Fier d’appartenir à une majorité qui a remis l’éducation au centre des politiques publiques de la nation depuis 2012,...
…je souhaite cependant vous questionner sur cette situation préoccupante et sur les moyens que vous mettez en oeuvre pour renforcer la présence des RASED dans les écoles, en particulier dans les Bouches-du-Rhône.
Monsieur le député, je tiens à revenir sur votre département. Celui-ci a connu depuis le début du quinquennat une hausse de la démographie scolaire qui a été bien accompagnée, avec la création de 215 emplois de professeur des écoles. Dans la ville de Marseille, pas moins de soixante-dix classes ont été ouvertes lors la dernière rentrée, ce qui constitue un fait inédit pour le territoire marseillais.
À la rentrée 2017, l’académie d’Aix-Marseille verra encore la création de 255 postes, pour une hausse démographique de 1 880 élèves. Concrètement, on comptera donc un poste de plus pour sept élèves supplémentaires.
Ces chiffres montrent que, sur place, les autorités académiques auront les moyens non seulement de mettre un professeur devant chaque classe, mais aussi de développer le dispositif « plus de maîtres que de classes », qui remporte un grand succès. Plébiscité sur le terrain, il rencontre en effet un grand succès dans les écoles en difficulté pour améliorer l’acquisition des fondamentaux par les enfants.
Les autorités pourront en outre consacrer davantage de moyens aux RASED, qui avaient été quasiment supprimés, ou réduits comme peau de chagrin, sous l’ancienne majorité.
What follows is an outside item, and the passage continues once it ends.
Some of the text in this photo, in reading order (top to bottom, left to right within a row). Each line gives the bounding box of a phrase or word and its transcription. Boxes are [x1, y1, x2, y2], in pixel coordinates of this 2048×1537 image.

Ces dernières années, nous avons arrêté l’hémorragie. Nous avons reconstitué les réseaux, à quelques dizaines de postes près. Lors de la rentrée 2017, compte tenu de la baisse démographique, nous aurons beaucoup plus de moyens pour achever ce travail. Par conséquent, il y aura plus de RASED sur votre territoire.
Je terminerai en rappelant que nous avons décidé de créer un nouveau corps dans notre belle maison Éducation nationale : un corps unique de psychologues scolaires. C’est ainsi que nous pourrons recruter des psychologues pour les écoles, ce qui est très important.
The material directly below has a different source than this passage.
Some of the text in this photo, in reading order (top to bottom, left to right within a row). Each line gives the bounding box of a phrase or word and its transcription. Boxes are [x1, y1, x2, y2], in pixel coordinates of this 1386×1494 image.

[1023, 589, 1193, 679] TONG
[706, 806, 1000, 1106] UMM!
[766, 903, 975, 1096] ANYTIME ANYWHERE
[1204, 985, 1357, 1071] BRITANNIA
Nous en venons aux questions du groupe de la Gauche démocrate et républicaine.
Je vous propose, monsieur Serville, de poser vos deux questions à la suite, pour avoir une réponse commune.
Bien, madame la présidente. Madame la ministre, avec une succession de dix recteurs en vingt ans, l’académie de la Guyane se distingue par la grande instabilité de sa gouvernance. Le départ précipité du dernier recteur est là pour nous rappeler l’impérieuse nécessité de renforcer l’attention portée à ce problème.
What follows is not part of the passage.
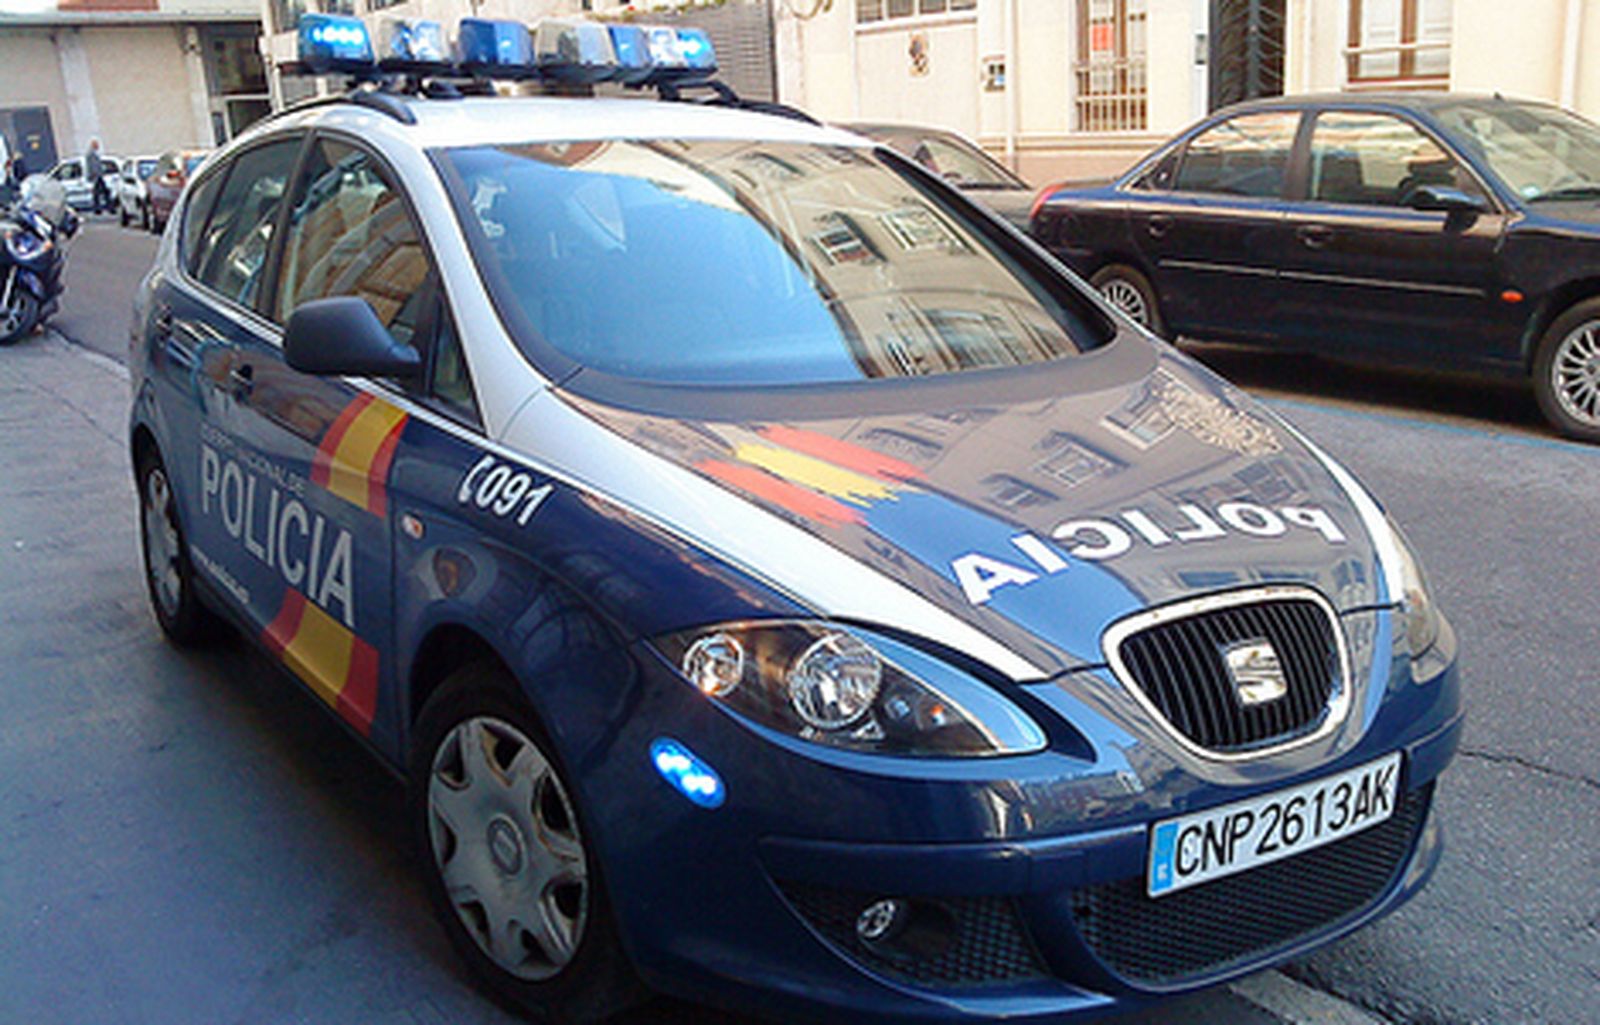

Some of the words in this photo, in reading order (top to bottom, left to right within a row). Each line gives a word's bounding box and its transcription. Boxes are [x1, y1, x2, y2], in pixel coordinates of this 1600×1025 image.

[201, 444, 356, 629] POLICIA
[476, 464, 555, 526] 091
[1175, 764, 1396, 877] CNP2613AK
En effet, malgré les nombreux efforts réalisés conjointement par votre ministère et par les nombreux partenaires du système éducatif, force est de constater que les résultats obtenus sont encore largement en dessous de nos espérances, même si nous saluons les réelles avancées observées, notamment à la suite du classement de notre académie en REP+.
Cela posé, je plaide pour que soient affectés en Guyane des recteurs chevronnés, ayant de l’expérience et bénéficiant de la totale confiance de leur ministère de tutelle. C’est là une condition sine qua non si nous voulons générer une utilisation optimisée des moyens publics mis à disposition d’un territoire dont la complexité ne fait aucun doute.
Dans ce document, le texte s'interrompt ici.